**About this task:**
Reproduce each record verbatim, images excluded.
*** Opening of Information provided ***
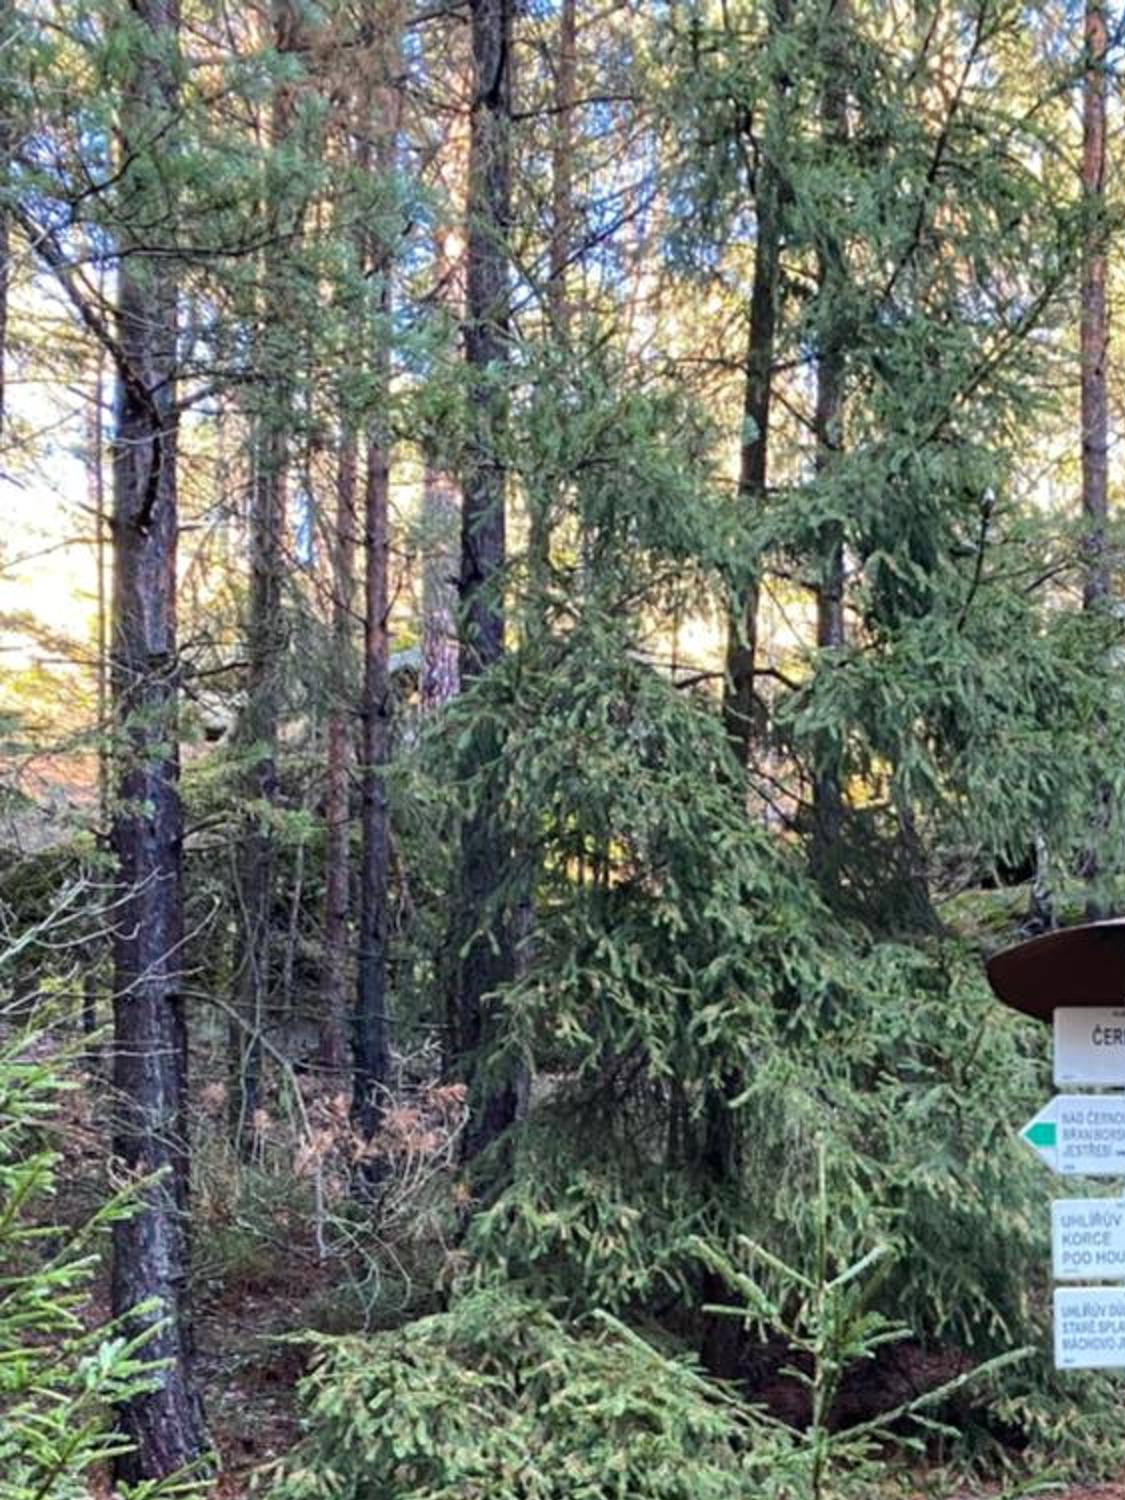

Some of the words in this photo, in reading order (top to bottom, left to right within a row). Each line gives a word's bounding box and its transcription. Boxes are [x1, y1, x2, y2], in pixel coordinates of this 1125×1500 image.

[1061, 1111, 1083, 1124] NAD
[1062, 1142, 1112, 1158] JESTŘEBÍ
[1060, 1210, 1121, 1228] UHLÍŘŮV
[1062, 1231, 1112, 1246] KORCE
[1062, 1250, 1092, 1265] POD
*** Close of Information provided ***
**Your response:**
Some of the words in this photo, in reading order (top to bottom, left to right within a row). Each line gives a word's bounding box and its transcription. Boxes are [x1, y1, x2, y2], in pixel coordinates of this 1125×1500 image.

[1061, 1111, 1083, 1124] NAD
[1062, 1142, 1112, 1158] JESTŘEBÍ
[1060, 1210, 1121, 1228] UHLÍŘŮV
[1062, 1231, 1112, 1246] KORCE
[1062, 1250, 1092, 1265] POD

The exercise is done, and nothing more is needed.